Our Founder's Pickleball Story: How GamePointGo Began

If you’ve ever played pickleball, you know the feeling. The rally ends, the ball bounces off to the side, and suddenly, no one’s sure of the score. Everyone looks at each other, guessing, laughing, or worse…arguing a little. I know, because I’ve been that person. I could never keep score. And honestly, I used to feel embarrassed and unintelligent for it. Most of the time my teammates were patient, but every now and then there’d be an eye roll. Sometimes we’d all just laugh and try to reconstruct the last point, figure out who served last, and guess where we left off. It’s part of the game’s charm, but also its frustration.

Pickleball is supposed to be fun. It’s social, easy to learn, and full of energy. I first started playing about eight years ago in Mexico with my sister. We loved it! It was lighthearted, easy, and full of laughter. But after COVID, the sport exploded. Suddenly, pickleball was everywhere, and it became this amazing way to reconnect with people I hadn’t seen in years. It brought me back into my community at a time when I really needed it.

The scoring issue, though, was always there. Everyone knew it was confusing. Everyone had their own way of tracking it. And the more I played, the more I realized this was something that really interrupted the flow and the joy of the game.

I didn’t set out to invent anything. In fact, at first, I thought someone else would fix it. But I was in between jobs at the time, and the problem kept tugging at me. I’ve spent most of my career in software development and UX design, and one day I started thinking about the problem the same way I’d think about a design challenge… programmatically. That’s when it clicked. I had the skills to code it, to design it, and to actually bring it to life.

I leaned heavily on the Small Business Development Center (SBDC). They became my go-to resource for everything I didn’t know (which, at the time, was just about everything.) I didn’t even know what a startup business model really was until I worked for an angel investment group as Director of Project Management. Looking back, it felt like everything I’d done in my career had quietly prepared me for this moment. I just didn’t know it yet.

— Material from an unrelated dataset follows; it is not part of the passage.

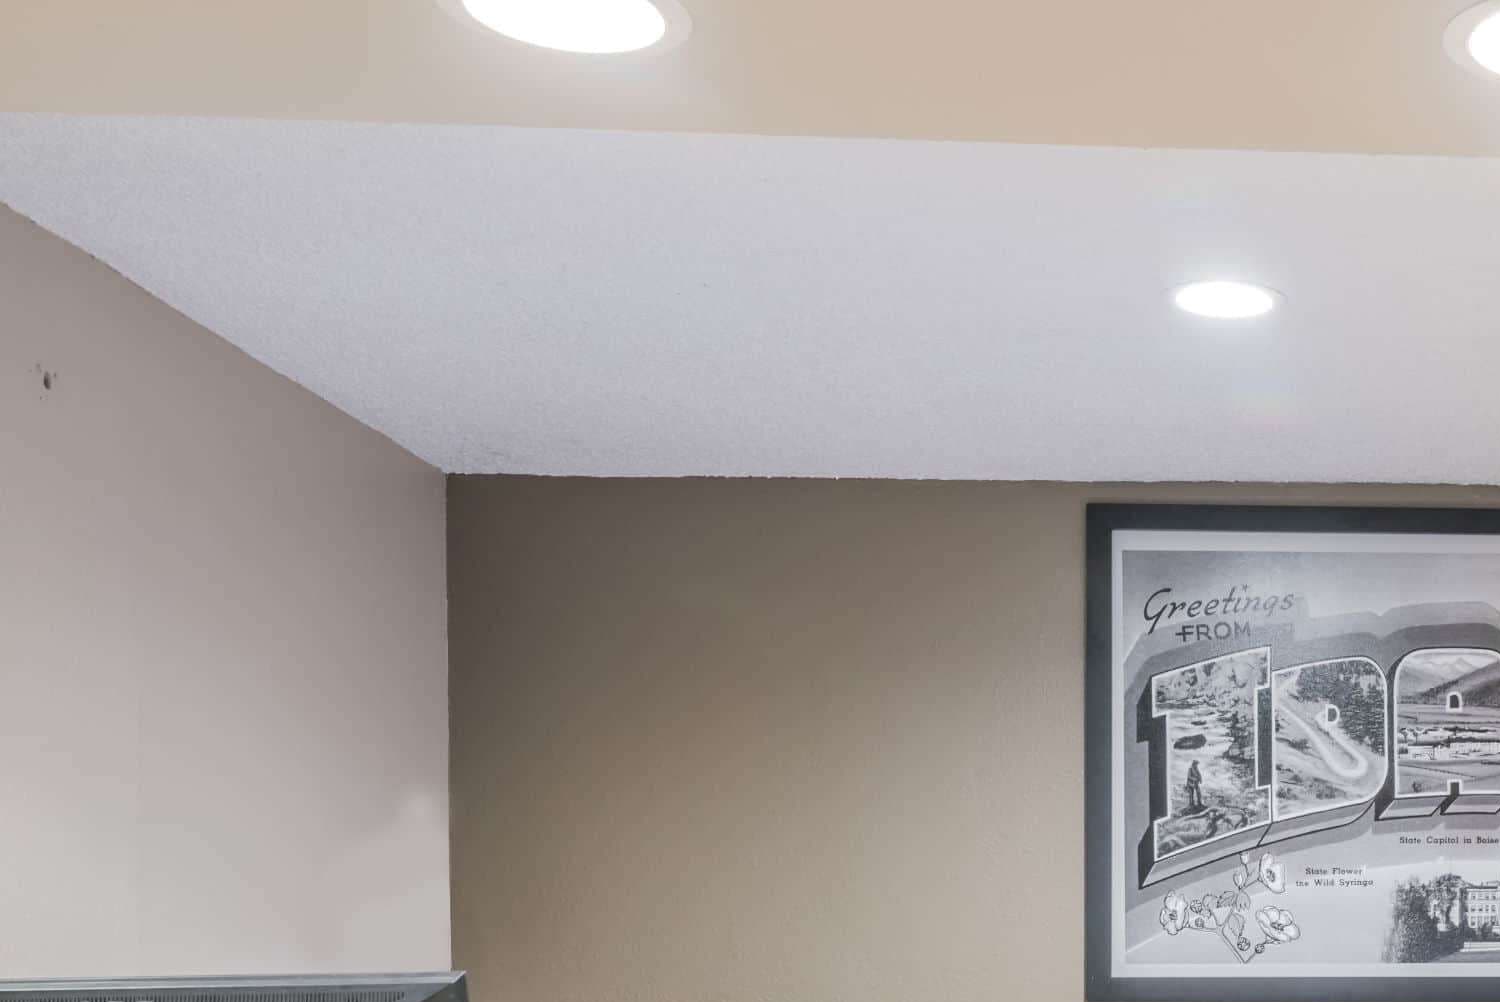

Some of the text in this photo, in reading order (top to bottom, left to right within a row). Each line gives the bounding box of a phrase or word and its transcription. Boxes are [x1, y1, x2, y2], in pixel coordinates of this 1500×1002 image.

Being a first-time female founder has been one of the hardest and most rewarding experiences of my life. I had to learn everything from setting up a corporation, to building financial projections, to getting up the courage to ask people for money. There were days I felt like I had forty number-one priorities and only one person to handle them: me. But I kept reminding myself that the best way to eat a whale is one bite at a time. So that’s what I did. One small step at a time.

There have been a few moments that made it all worth it. The first was when my very first investor said yes. Her support gave me the resources to build the first prototype, and she’s stood by me every step of the way. The second was the moment I actually held the first prototype in my hand. I’ve spent my life designing software, but this was the first tangible thing I’d ever created. I had written the code, designed the look, sourced the manufacturer… everything. Holding it was like holding proof that belief and persistence can turn ideas into something real.

Through testing, I started hearing from players that using the ProScore reduced their anxiety and helped them focus on the game. They felt more confident, more relaxed, and they said it made the whole experience smoother. That feedback was everything to me, because that’s exactly why I’m doing this, to make pickleball more fun, more inclusive, and a little less stressful for everyone who plays.

As a company, GamePointGo is still learning. We’re new, and we’ll probably make mistakes along the way, but we believe in staying transparent and authentic with our community. This isn’t just about selling a product, it’s about building something that makes the game better for everyone.

Looking ahead, I want GamePointGo to give back. One of my goals is to support local Boys and Girls Clubs by donating equipment and helping kids learn the game. I want to help grow pickleball by making it more accessible, especially for young players who might not have the resources to start.

And on a personal level, I’ve made it my mission to share everything I’ve learned along the way. No gatekeeping, no pretending I have it all figured out. I’ve started a podcast to document the journey, to talk about what works, what doesn’t, and to help other women step into their own power and lead.

Because if there’s one thing I’ve learned through this entire process, it’s that courage and community can build something extraordinary.

GamePointGo was founded on a simple promise: never lose track of your pickleball score again, and never lose sight of the joy that brought us all to the court in the first place.